Thursday, August 29, 2013

Syria, Obama, and More Violence as the Only Option

When President George W. Bush was gearing up to launch the invasion of Iraq under the guise of the "war on terror", a common critique was that he was using only one tool.  The cliche` "When your only tool is a hammer, everything looks like a nail" was used to suggest he couldn't see beyond the military for ways of fighting Islamic extremists.  President Obama, a strong critic of the Iraq invasion is making the same mistake.

I can't imagine the amount of suffering of the Syrian people are suffering during their civil war.  Their President for life, Bashar Al-Assad, appears to be ready to hang on to power, or destroy the whole country trying.  On top of targeting civilianshiring thugs and mercenaries, he is now using chemical weapons to try and kill all the rebels.
Obama and his administration also appears to be moved by the suffering of the Syrian civilians.  So he reached into his Presidential tool bag and pulled out... the U.S. military.

The United States military has provided Barack Obama with a range of options for launching an attack on Syria and is "ready to go" with an offensive, the US defence secretary has said.
There is now a growing belief in Washington that a US strike against Syria, possibly involving cruise missiles or long-range bombers, could take place in the next few days.

I understand people wanting to do something to stop the killing, but is sending in the U.S. military to fire million-dollar-each missiles the only way?  Military action isn't clear cut.  There's no guarentee that it'll do more good than harm.  You can't kill people without expecting blowback.

Iranian lawmakers and commanders issued stark warnings to the United States and its allies on Tuesday, saying any military strike on Syria would lead to a retaliatory attack on Israel fanned by “the flames of outrage.”

This doesn't mean that U.S. policy shouldn't act based on threats of other dictators, but it's best not to pretend that launching missiles and dropping bombs is consequence free.  Also under consideration should be "collateral damage".  "Collateral damage" is, of course, a nice clinical term for accidentally killing civilians - including children.  It is also something that the current Chairman of the Joint Chiefs recognizes.

Conducting limited “stand-off” missile and air strikes against “hundreds” of Syrian military facilities, advanced weapons depots and defense facilities.

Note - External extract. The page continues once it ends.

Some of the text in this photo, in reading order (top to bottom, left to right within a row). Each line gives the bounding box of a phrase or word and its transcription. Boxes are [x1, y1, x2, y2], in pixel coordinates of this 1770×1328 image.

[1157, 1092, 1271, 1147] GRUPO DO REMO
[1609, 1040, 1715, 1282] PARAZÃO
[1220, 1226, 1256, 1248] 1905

The operations would involve “hundreds” of aircraft, ships, submarines and other forces. Cost estimates would be “in the billions.” Syrian retaliatory attacks and collateral damage would be a likely byproduct;
(emphasis mine)

Even though they aren't targeted, and attempts will be made to avoid it, the cost of military action must be weighed against the fact that innocent people will die at the hands of American weapons.  So what else could the government do other than military action?

There's diplomatic pressure, helping Syrian refugees, supplying doctors without borders with medicine and supplies.  Those are all things that can save lives without resorting to violence.  There are Syrian refugees crammed into camps that could use additional supplies.  Think of the cost of 1 1.4 million dollar missile.  Now think about how many people could be fed and get medical care for that amount?  One might argue that it won't stop the killing, but in all likelihood, no military action would either, short of all-out invasion or treacherous, long-term airstrikes.

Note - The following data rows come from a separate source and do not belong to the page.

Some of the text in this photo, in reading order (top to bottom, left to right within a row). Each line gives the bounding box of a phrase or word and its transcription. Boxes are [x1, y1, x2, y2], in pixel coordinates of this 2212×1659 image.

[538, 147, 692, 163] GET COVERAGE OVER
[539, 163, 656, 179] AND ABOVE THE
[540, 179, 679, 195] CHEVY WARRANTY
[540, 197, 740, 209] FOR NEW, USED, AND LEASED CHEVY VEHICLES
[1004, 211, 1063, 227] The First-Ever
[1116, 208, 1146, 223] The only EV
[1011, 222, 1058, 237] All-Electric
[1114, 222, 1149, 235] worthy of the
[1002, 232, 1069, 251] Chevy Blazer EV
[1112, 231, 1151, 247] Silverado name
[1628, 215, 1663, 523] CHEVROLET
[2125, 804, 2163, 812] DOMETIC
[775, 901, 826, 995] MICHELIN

There could be other options that would be less destructive, like working to help seal the Syrian borders to keep the Al-Assad regime from bringing in his own troops and supplies.  In this case Obama might still be using the U.S. military, but at least it's in a way that might be less likely to get civilians killed.

Finally, I'd like to end with asking a few annoying rhetorical questions.  Why is reigning down death from American planes and ships the first and, really, only option being considered?  I read an article called Obama's 3 options in Syria and they were all varying degrees of military action.  Why is that?  Is this a product of our Culture?  A product of American Empire?  A result of 12 years of war in Iraq and Afghanistan?  Why?